**Material for the task:**
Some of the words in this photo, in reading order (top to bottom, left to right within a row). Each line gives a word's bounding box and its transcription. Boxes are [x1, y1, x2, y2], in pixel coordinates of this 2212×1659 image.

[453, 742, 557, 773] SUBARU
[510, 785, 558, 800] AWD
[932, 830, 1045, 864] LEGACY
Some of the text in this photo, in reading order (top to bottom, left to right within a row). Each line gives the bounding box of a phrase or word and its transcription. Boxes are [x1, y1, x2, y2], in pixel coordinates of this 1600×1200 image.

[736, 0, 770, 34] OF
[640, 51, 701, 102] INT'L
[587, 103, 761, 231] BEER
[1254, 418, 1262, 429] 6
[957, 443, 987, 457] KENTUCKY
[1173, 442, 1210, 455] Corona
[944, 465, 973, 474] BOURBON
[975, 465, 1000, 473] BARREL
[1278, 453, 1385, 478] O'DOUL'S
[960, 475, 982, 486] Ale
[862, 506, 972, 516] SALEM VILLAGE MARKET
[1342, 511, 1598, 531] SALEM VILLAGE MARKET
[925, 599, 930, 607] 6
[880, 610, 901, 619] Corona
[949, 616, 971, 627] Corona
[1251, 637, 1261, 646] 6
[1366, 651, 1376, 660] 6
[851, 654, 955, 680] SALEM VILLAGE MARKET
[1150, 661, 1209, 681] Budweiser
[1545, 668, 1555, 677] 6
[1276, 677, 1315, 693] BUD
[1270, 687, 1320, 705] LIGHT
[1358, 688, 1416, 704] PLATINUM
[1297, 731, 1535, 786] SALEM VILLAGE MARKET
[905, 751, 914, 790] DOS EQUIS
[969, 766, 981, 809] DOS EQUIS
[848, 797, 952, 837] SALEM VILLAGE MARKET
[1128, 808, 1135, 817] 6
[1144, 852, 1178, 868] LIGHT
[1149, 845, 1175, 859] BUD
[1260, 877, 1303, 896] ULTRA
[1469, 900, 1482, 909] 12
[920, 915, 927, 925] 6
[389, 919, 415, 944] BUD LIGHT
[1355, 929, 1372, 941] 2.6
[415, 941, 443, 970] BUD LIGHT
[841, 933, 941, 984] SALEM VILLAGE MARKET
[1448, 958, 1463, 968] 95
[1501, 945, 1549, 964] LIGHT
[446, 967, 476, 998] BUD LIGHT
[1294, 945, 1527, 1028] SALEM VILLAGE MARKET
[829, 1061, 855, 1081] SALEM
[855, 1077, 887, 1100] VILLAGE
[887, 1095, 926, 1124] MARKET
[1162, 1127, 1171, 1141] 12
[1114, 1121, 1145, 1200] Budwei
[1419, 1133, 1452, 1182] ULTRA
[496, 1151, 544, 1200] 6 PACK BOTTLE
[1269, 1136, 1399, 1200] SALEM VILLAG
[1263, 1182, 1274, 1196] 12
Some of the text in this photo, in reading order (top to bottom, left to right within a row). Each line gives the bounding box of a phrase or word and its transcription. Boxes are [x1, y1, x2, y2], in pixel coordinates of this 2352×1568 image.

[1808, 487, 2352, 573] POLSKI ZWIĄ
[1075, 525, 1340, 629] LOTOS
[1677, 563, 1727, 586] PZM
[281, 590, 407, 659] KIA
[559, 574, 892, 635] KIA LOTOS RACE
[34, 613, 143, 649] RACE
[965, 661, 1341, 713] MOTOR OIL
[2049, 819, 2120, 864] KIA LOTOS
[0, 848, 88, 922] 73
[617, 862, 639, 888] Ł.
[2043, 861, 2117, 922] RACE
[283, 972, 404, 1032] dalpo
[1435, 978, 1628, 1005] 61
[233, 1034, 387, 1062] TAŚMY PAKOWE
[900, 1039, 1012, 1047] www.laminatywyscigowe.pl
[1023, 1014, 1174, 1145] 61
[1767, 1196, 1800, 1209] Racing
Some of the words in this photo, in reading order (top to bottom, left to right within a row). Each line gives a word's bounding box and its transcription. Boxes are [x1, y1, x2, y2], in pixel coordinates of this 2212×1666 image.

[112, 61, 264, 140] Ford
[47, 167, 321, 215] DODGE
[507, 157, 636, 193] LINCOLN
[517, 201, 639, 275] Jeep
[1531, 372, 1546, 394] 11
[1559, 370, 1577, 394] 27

**Work to be completed:** Begin with the line that contains "this 2212×1666 image." and end with the last line of the records; set down every line in that span exactly, and nothing else.

**Solution to this exercise:**
Some of the words in this photo, in reading order (top to bottom, left to right within a row). Each line gives a word's bounding box and its transcription. Boxes are [x1, y1, x2, y2], in pixel coordinates of this 2212×1666 image.

[112, 61, 264, 140] Ford
[47, 167, 321, 215] DODGE
[507, 157, 636, 193] LINCOLN
[517, 201, 639, 275] Jeep
[1531, 372, 1546, 394] 11
[1559, 370, 1577, 394] 27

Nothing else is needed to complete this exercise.